Ambra incident

Ambra Incident

Minor Resolved View vendor source →

Ambra experienced a minor incident on May 16, 2023 affecting Web Services and Image Processing and 1 more component, lasting 56m. The incident has been resolved; the full update timeline is below.

Started
May 16, 2023, 04:22 PM UTC
Resolved
May 16, 2023, 05:19 PM UTC
Duration
56m
Detected by Pingoru
May 16, 2023, 04:22 PM UTC

Affected components

Web ServicesImage ProcessingImage Viewing

Update timeline

  1. investigating May 16, 2023, 04:20 PM UTC

    We have received reports of issues on the Ambra platform. Engineering teams are currently investigating. Additional information will be provided as soon as it is available.

  2. investigating May 16, 2023, 04:22 PM UTC

    We are continuing to investigate this issue.

  3. investigating May 16, 2023, 04:27 PM UTC

    The issue appears to be centered around certain storage nodes - remediation is underway.

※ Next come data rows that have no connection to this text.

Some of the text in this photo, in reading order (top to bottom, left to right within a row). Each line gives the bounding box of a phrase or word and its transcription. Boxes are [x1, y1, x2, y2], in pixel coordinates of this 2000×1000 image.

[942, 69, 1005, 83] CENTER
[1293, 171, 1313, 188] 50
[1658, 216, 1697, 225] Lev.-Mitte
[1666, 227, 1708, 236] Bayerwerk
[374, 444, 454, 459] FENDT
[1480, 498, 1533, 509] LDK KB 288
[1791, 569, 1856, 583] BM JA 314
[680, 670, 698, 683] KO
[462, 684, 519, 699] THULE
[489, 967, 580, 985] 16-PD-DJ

  4. identified May 16, 2023, 04:37 PM UTC

    We're starting to see improvements and are continuing to monitor.

  5. identified May 16, 2023, 05:04 PM UTC

    We're still seeing some issues around storage; further remediation steps were taken and the situation is continuing to improve.

  6. resolved May 16, 2023, 05:19 PM UTC

    We believe the issue is resolved and will continue to provide updates as engineering makes progress on the root cause investigation.

  7. postmortem May 25, 2023, 10:08 PM UTC

    A shared caching component in our storage subsystem experienced some brief timeouts. The frontend storage nodes did not handle this situation well leading to further errors even once the caching layer had recovered. As a workaround we manually disabled the use of the shared caching layer, instead using a local cache on each individual storage node. Engineering later implemented improvements to error handling.